Tja, dan kun je wel naar huis willen, elfhonderd kilometer verderop, maar ook daar is men bezig met het ingooien van de familieglazen. In de slotscene wordt gebeld met de zoontjes van Nico en Sandra. Die komen net van het politiebureau. Gepakt bij een inbraakpoging. Een inbraak? Waar dan? In het huis van pake en beppe…
Wat moet je met zo’n inktzwarte akker van omgeploegde en walmende familiale gevoelens? Weinig anders dan het als decor beschouwen, lijkt me. De zes acteurs bewegen zich op dit speelveld trefzeker heen en weer en zetten een wereld neer waarvan je niet wilt dat het de jouwe wordt. Ze zijn perfect met tekst en choreografie. Ze weten volledig te overtuigen met wat ze zijn op dat moment: acteurs. Wat schrijf ik? A C T E U R S !

De hele productie is trouwens dik in orde. Heeft u goed gekeken naar de foto van Eddy Huisman in het programmaboekje van de cast? De affiche-achtige omslag ervan? Jantine Nauta ontwierp ‘m. Als Hanno Elzinga en Anne Sophie van Veelen zich er dan mee bemoeien, heb je een mooi en volwaardig boekje.
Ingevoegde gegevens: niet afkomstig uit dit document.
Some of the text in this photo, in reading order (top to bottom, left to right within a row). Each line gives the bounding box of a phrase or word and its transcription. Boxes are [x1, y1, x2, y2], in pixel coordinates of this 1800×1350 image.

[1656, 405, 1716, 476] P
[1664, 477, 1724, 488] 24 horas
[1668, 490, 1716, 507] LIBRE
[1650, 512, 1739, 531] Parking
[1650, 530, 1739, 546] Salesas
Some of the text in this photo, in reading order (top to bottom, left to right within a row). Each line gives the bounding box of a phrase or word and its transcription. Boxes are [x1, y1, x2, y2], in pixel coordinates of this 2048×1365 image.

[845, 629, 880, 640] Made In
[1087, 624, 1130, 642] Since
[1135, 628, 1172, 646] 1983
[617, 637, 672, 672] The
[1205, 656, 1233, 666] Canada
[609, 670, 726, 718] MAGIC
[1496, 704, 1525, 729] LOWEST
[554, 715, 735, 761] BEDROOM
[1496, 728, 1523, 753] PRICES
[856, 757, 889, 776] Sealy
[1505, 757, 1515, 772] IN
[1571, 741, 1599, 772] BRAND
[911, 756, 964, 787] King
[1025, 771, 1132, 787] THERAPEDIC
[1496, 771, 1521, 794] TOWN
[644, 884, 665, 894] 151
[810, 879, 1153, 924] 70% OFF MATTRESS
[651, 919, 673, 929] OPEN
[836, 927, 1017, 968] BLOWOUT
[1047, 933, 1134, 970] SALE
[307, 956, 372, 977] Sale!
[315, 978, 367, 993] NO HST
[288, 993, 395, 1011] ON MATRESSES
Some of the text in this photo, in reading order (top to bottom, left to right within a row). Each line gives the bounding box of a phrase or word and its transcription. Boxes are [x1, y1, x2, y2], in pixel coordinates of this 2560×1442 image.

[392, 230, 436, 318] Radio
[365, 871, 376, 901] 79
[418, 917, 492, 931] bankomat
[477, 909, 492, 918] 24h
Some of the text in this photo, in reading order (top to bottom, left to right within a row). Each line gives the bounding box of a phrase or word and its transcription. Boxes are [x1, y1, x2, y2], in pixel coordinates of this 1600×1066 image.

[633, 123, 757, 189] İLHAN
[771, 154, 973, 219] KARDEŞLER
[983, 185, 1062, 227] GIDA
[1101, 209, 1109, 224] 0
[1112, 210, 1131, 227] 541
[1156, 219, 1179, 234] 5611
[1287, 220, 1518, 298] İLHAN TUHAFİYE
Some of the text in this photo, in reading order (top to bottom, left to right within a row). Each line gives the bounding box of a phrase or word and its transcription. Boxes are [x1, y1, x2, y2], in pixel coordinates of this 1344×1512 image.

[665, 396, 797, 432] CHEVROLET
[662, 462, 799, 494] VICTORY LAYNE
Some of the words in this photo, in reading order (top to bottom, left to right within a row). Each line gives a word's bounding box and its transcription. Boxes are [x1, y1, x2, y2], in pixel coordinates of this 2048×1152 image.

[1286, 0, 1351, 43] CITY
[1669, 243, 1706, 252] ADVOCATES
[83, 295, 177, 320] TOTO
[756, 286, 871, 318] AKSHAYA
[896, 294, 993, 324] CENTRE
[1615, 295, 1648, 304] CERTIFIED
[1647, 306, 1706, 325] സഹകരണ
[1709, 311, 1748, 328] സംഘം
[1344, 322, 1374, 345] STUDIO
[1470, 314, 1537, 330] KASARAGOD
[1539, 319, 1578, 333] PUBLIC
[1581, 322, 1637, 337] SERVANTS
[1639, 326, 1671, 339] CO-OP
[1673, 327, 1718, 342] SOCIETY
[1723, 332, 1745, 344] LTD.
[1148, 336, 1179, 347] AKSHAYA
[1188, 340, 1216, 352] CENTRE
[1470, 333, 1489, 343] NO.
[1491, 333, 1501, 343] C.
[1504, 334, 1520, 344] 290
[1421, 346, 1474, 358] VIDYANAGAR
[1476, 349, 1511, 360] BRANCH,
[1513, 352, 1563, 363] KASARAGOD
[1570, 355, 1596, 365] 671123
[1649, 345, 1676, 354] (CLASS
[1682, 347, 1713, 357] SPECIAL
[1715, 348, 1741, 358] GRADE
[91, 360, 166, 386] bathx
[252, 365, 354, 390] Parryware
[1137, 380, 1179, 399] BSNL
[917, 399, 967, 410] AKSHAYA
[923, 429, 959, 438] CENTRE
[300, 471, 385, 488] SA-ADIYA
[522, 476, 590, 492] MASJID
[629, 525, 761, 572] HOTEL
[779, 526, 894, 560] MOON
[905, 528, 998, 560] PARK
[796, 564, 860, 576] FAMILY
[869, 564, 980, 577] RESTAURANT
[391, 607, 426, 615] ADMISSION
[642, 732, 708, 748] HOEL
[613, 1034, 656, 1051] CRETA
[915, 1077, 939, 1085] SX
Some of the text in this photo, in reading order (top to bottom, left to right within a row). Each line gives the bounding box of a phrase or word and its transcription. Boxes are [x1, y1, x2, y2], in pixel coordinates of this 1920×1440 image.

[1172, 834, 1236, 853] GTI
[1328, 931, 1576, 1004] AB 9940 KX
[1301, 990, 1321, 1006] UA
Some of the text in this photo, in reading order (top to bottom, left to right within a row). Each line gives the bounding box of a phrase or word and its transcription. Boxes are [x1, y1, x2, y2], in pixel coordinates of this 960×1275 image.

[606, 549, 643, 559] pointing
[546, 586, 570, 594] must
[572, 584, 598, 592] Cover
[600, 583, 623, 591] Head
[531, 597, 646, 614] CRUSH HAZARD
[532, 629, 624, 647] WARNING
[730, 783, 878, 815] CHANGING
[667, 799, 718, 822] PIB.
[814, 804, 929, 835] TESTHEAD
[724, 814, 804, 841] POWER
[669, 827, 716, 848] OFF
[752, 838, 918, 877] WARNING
Nog één naam: bij de pianoklanken van Theo Wiersma naar je stoel lopen is op zich al een reden om de matinee te bezoeken.

In elke familie is wel eens wat. Maar het kan altijd erger. Wie op 25 of 26 oktober in het Doarpshûs is geweest, prijst zich gelukkig niet tot de Famylje Tegenkamp te behoren en telt voldaan zijn zegeningen.